The bill was drafted with respect for provincial and territorial jurisdiction, as well as respect for Indigenous rights, according to senior federal officials.

Federal Families Minister Karina Gould introduced legislation on Thursday that aims to solidify Ottawa's long-term participation in the new national child care system.

Bill C-35 would enshrine in law the federal government's commitment to long-term program funding for provinces and Indigenous communities, as well as the principles that should guide such funding federal.

The text does not contain any specific financial promise for this national program, but this entrenchment in law could make it more difficult for a future government to dismantle it.

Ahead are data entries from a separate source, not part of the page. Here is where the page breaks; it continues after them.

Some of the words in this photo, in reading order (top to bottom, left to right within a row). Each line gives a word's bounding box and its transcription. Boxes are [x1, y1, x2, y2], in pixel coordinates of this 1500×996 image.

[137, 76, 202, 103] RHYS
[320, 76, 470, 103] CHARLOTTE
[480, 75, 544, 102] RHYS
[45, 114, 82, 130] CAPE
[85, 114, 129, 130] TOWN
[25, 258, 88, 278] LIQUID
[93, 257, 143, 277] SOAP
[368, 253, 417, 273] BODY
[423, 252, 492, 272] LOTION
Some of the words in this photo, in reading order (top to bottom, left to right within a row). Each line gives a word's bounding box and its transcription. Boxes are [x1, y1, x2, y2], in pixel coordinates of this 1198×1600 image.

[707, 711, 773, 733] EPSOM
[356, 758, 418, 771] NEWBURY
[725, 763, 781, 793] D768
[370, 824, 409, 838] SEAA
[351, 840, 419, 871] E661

The Liberal government has introduced a national program center that is to reduce daycare fees by an average of 50% by the end of the year and bring them down to an average of $10 a day by 2026.

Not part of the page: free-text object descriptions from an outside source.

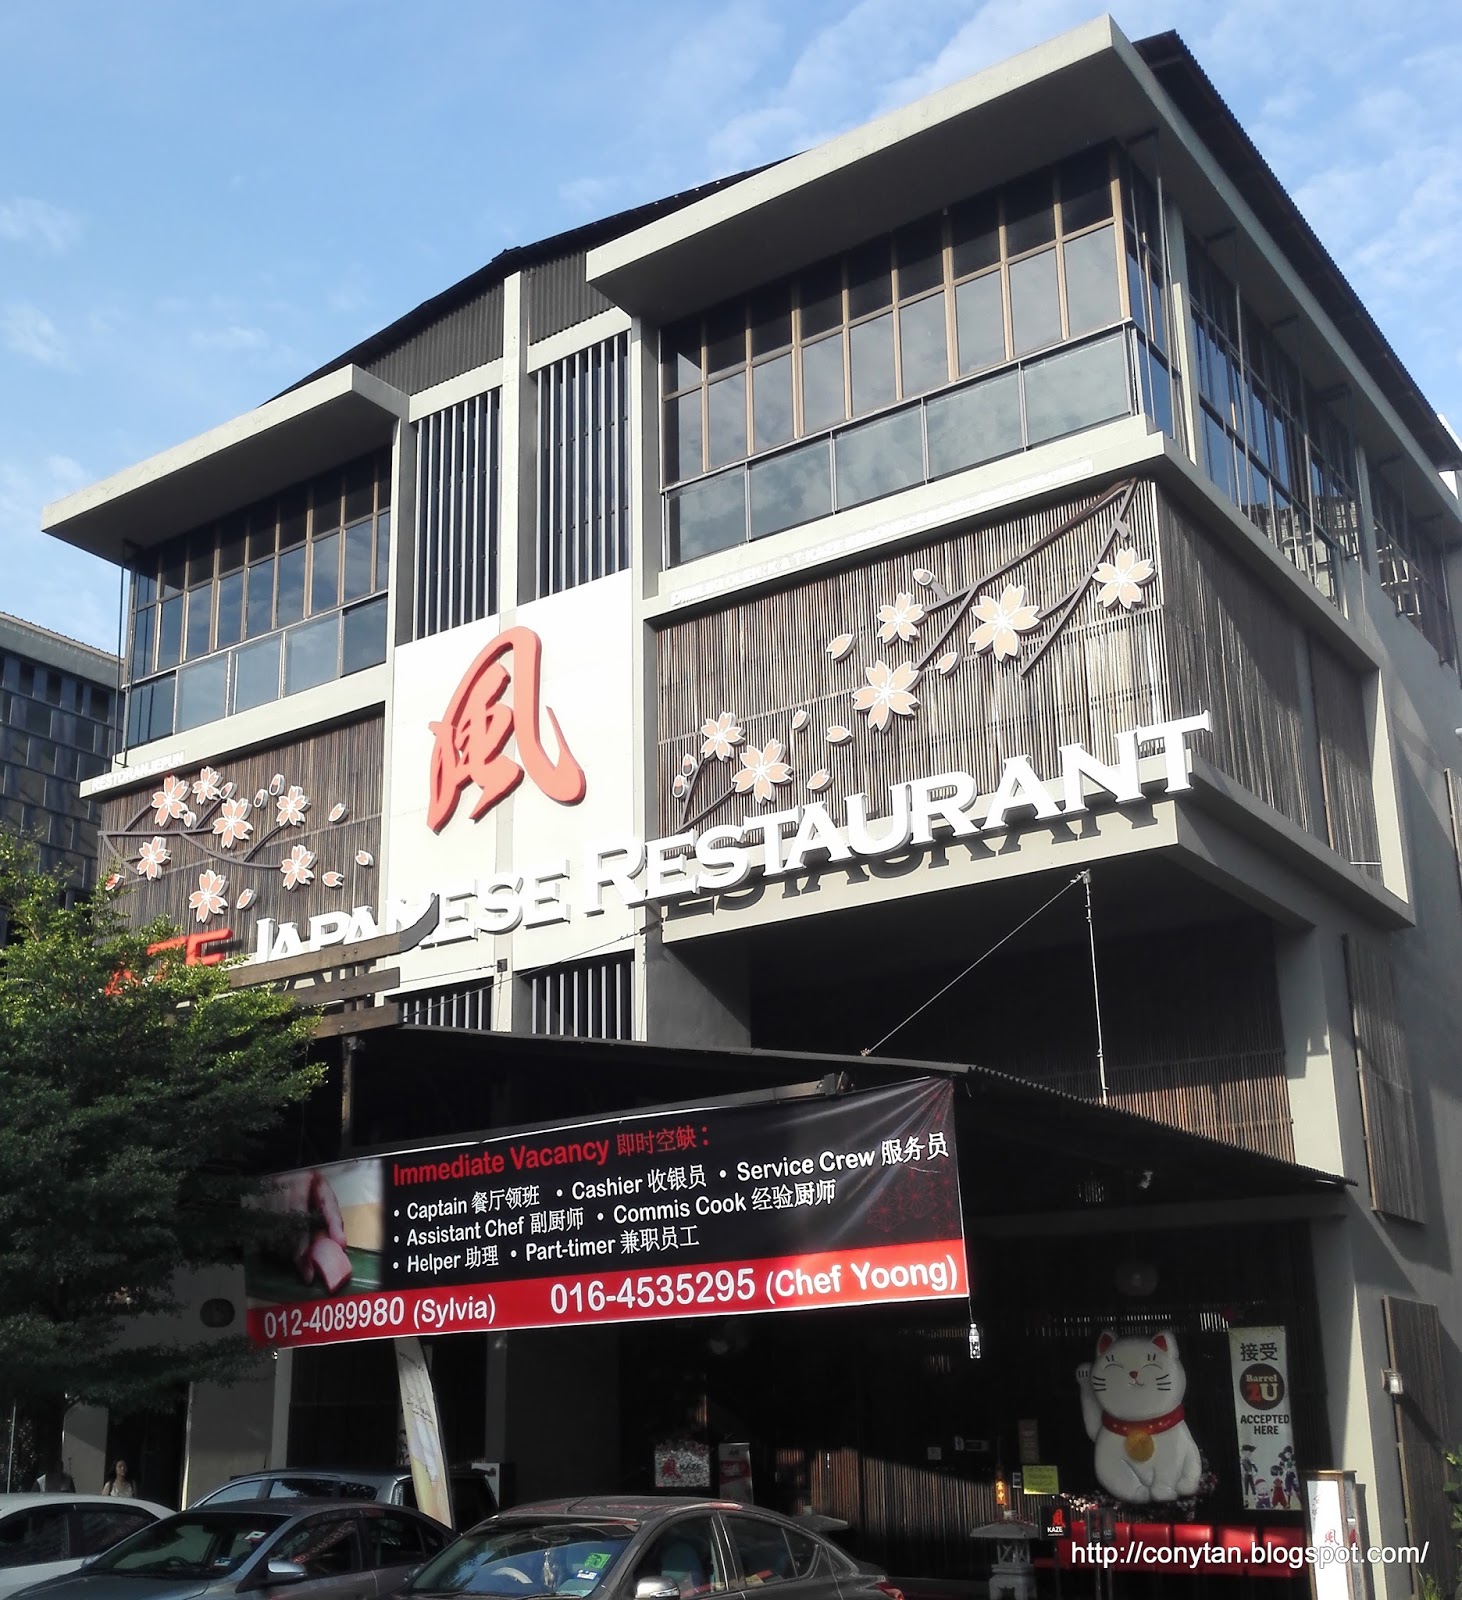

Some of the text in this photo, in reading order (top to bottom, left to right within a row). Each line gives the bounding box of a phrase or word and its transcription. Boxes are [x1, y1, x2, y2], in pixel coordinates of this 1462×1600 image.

[255, 856, 571, 964] JAPANESE
[583, 711, 1211, 918] RESTAURANT
[394, 1152, 504, 1187] Immediate
[511, 1139, 609, 1170] Vacancy
[406, 1132, 950, 1222] Captain 餐厅领班 Cashier 收银员 Service Crew 服务员
[406, 1179, 836, 1247] Assistant Chef 副厨师 Commis Cook 经验厨师
[407, 1225, 700, 1277] Helper 助理 Part-timer 兼职员工
[550, 1255, 958, 1314] 016-4535295 (Chef Yoong)
[264, 1294, 496, 1339] 012-4089980 (Sylvia)
[1239, 1342, 1278, 1362] 接受
[1245, 1373, 1278, 1383] Barrel
[1240, 1414, 1290, 1425] ACCEPTED
[1253, 1425, 1279, 1435] HERE
[1047, 1525, 1063, 1533] KAZE

The 2021 federal budget provided $30 billion in new spending for the national child care system over five years, and an additional $9.2 billion in subsequent years.

We want to protect what we have built, Minister Gould said at a press conference on Thursday.

Conservative Leader Pierre Poilievre had previously announced that his party, if elected, would abolish the current child care scheme and replace it with a tax credit that will go directly to families.

Paul Martin's Liberal government signed agreements with the provinces in 2005 to create a national child care system, but Conservative Prime Minister Stephen Harper canceled those agreements after taking office the following year. /p>

A future Conservative government would not be able to scrap the Liberals' new agenda as hastily as Mr. Harper did, the studies professor noted studies at the University of Manitoba Susan Prentice.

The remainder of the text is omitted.